In the words of Greta Rana, “I chose Kadam’s story because a significant event in my life gave me an epiphany — that it is those who serve dynasties who perpetuate the aura of the ruling clans rather than the clan members themselves.” History and mythology are rich with references to the sacrifices women must make for honor and genealogy, and the social and economic baggage they are forced to carry.

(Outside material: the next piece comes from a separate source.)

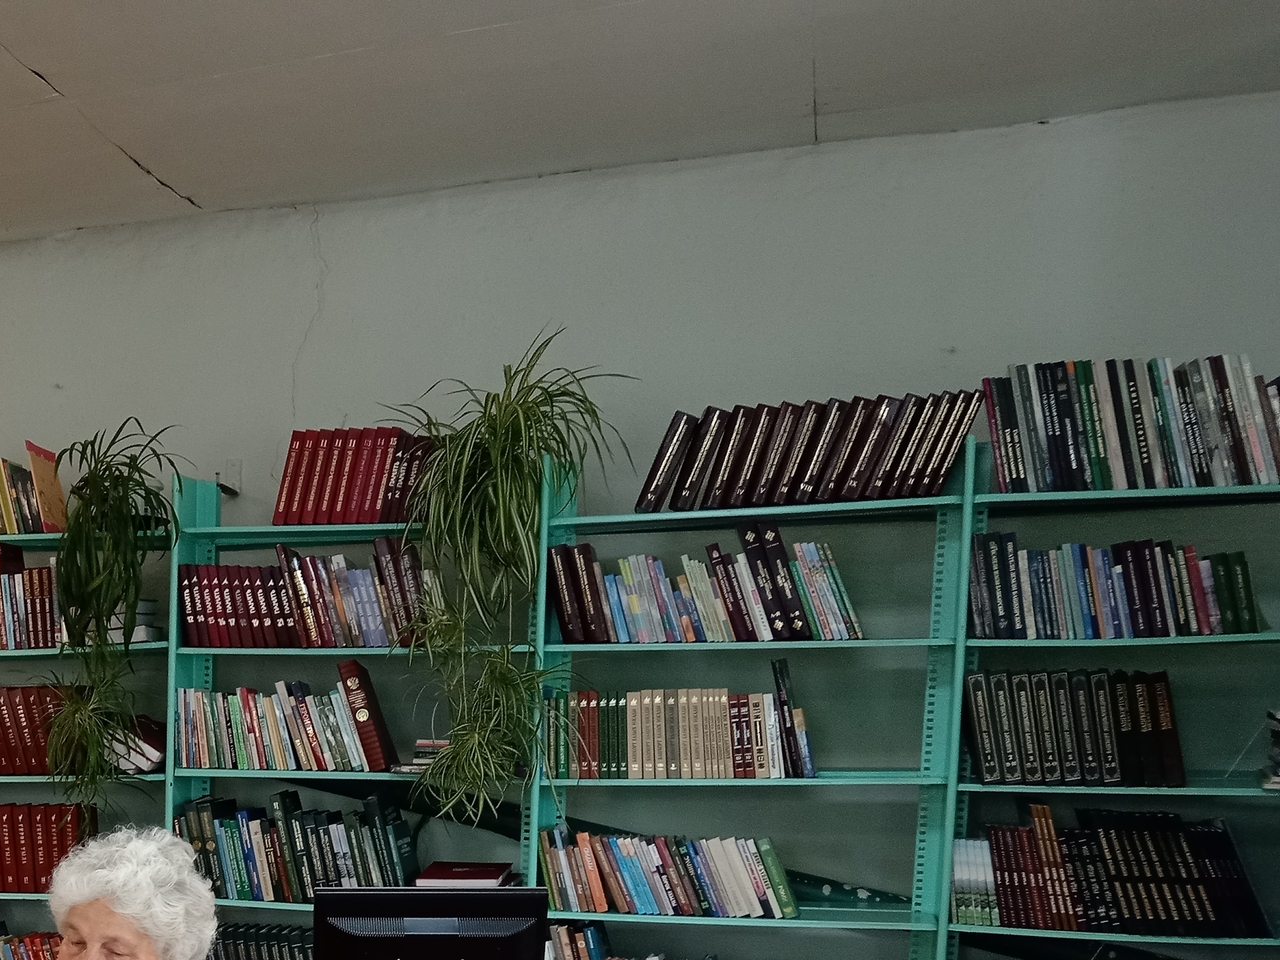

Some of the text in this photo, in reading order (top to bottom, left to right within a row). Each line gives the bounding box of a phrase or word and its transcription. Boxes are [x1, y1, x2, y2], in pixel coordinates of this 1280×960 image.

Greta begins with the story of young Kadam from a poor family in a remote village and then shifts to the characters of Ganesh Kumari and Jung Bahadur, and eventually to that of his wives and concubines. Later in the subsequent chapters, the author reinforces the general perception about the aristocracy in Nepal. For a reader not familiar with the social and political dynamics of Nepal, it gives a picture of a highly corrupt and chauvinist system within the country. There may be exceptions but that does not come clear in the writing. Her narration of Jung Bahadur’s actions to remain in power gives an impression that even if he made certain decisions which otherwise cannot be justified, the reason was to safeguard the family’s honor, which he successfully did it.
Western and some regional South Asian influences have transformed traditional mountain societies. The development paradigm and the rapid economic diversification has caused the change. Women’s value in their households, communities and societies is declining as traditional mountain societies are being transformed by the prevailing values belonging to lowland religious, nationalistic and cultural paradigms. The marginal status of most mountain societies makes resistance to more powerful forces difficult, and the process of mainstreaming mountain cultures into national identities may negate the stronger positions of women from these traditional communities.
Though Nepali society is patriarchal in nature, the great palace conspiracies always had a women calling the shots. Royal wives and concubines schemed for favors. Greta reminds us of the role of the “ruling women”, supplementing her theme with the characters of Kadam, Jung Bahadur’s clairvoyant wet nurse, and his mother, Ganesh Kumari. She adopts a feminist tone early on in Kadam’s story when Kadam’s mother-in-law sums up the relations between men and women: “That’s all they do, plough ... They plough the land and they plough us and we have to look after everything that grows.”
The book is an interesting read as it depicts the situation full of alliances and rivalries that animated the Kathmandu court. The strength of the book is Kadam’s character, which links the affairs of a feudal state with the mundane realities of the peasants it exploited. Kadam was a significant character though it is hard to say to what extent the hidden women of the Rana dynasty were its ruling women. The way Greta has narrated the story of Kadam, readers tend to empathize with this intelligent but sensitive woman who was sent to Kathmandu’s royalty to earn for her husband’s fam- ily and to serve Jung Bahadur.
‘Hidden Women’ unveils the secrets within the walls of the royal palace in Nepal but at the same time, it informs that despite the development and modernization, societies are not different from Kadam’s Nepal. Greta through this book gives another message that women are instrumental whether serving as a wet nurse like Kadam or a modern, empowered woman anywhere in the world, they have a common bond and not recognizing this bond is a tragedy of our time.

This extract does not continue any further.